§ DATA UNDER STUDY:
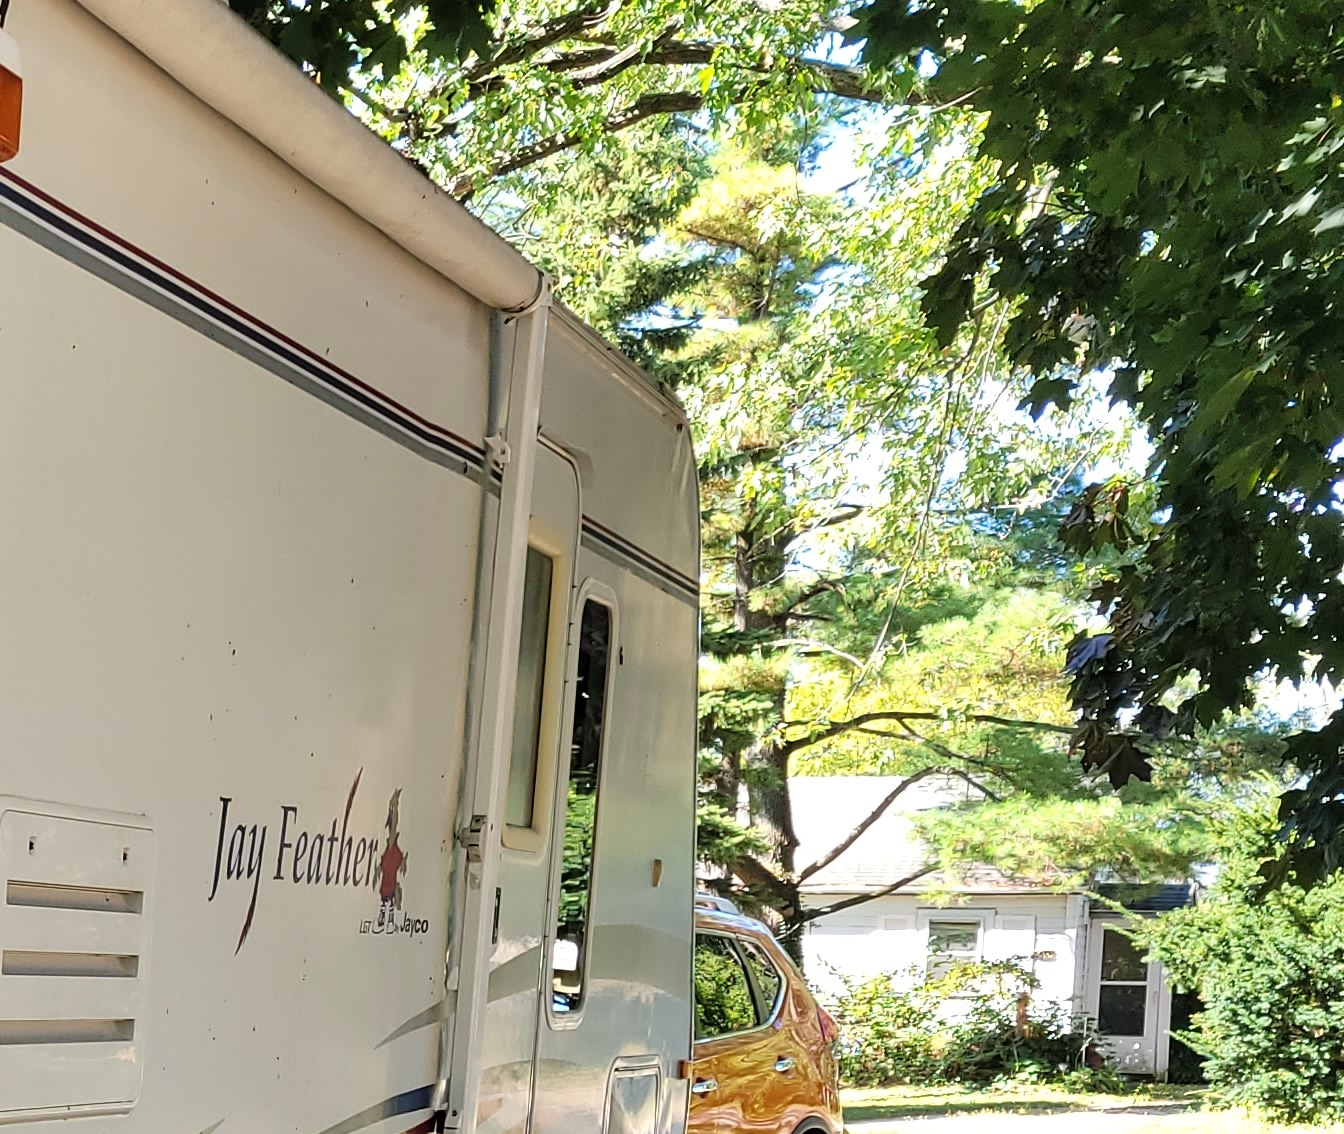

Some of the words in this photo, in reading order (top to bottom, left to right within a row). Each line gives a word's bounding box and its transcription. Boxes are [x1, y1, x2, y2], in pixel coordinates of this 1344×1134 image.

[208, 796, 268, 956] Jay
[273, 766, 380, 888] Feather
[400, 911, 429, 938] Jayco
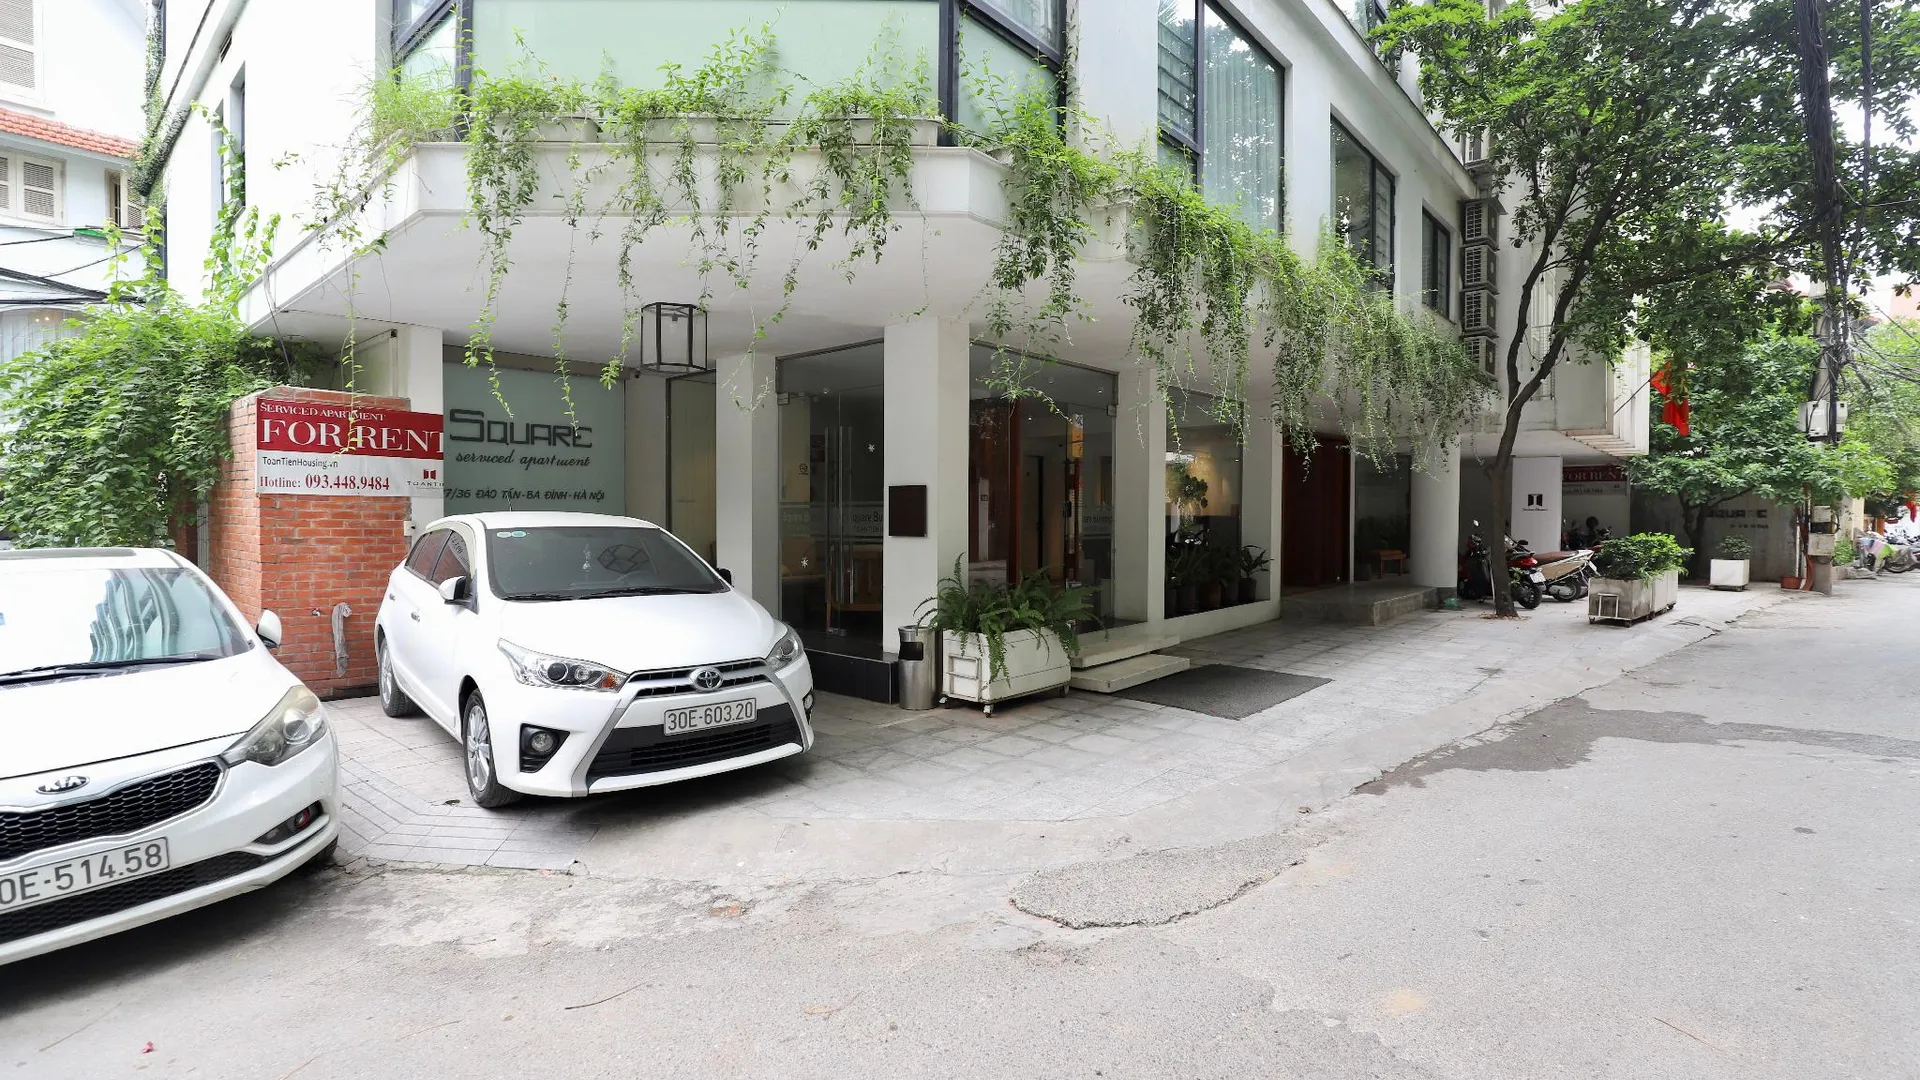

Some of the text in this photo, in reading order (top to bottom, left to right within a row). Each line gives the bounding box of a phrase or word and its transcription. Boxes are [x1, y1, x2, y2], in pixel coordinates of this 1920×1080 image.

[260, 418, 344, 448] FOR
[455, 448, 591, 471] serviced apartment
[260, 473, 390, 490] Hotline: 093.448.9484
[668, 701, 753, 731] 30E-603.20
[39, 776, 88, 793] KIA

§ WHAT YOU WILL DO: Write out, word for word, every line from the one containing "Some of the text" through the last line of the records above.

§ THE ANSWER:
Some of the text in this photo, in reading order (top to bottom, left to right within a row). Each line gives the bounding box of a phrase or word and its transcription. Boxes are [x1, y1, x2, y2], in pixel coordinates of this 1920×1080 image.

[260, 418, 344, 448] FOR
[455, 448, 591, 471] serviced apartment
[260, 473, 390, 490] Hotline: 093.448.9484
[668, 701, 753, 731] 30E-603.20
[39, 776, 88, 793] KIA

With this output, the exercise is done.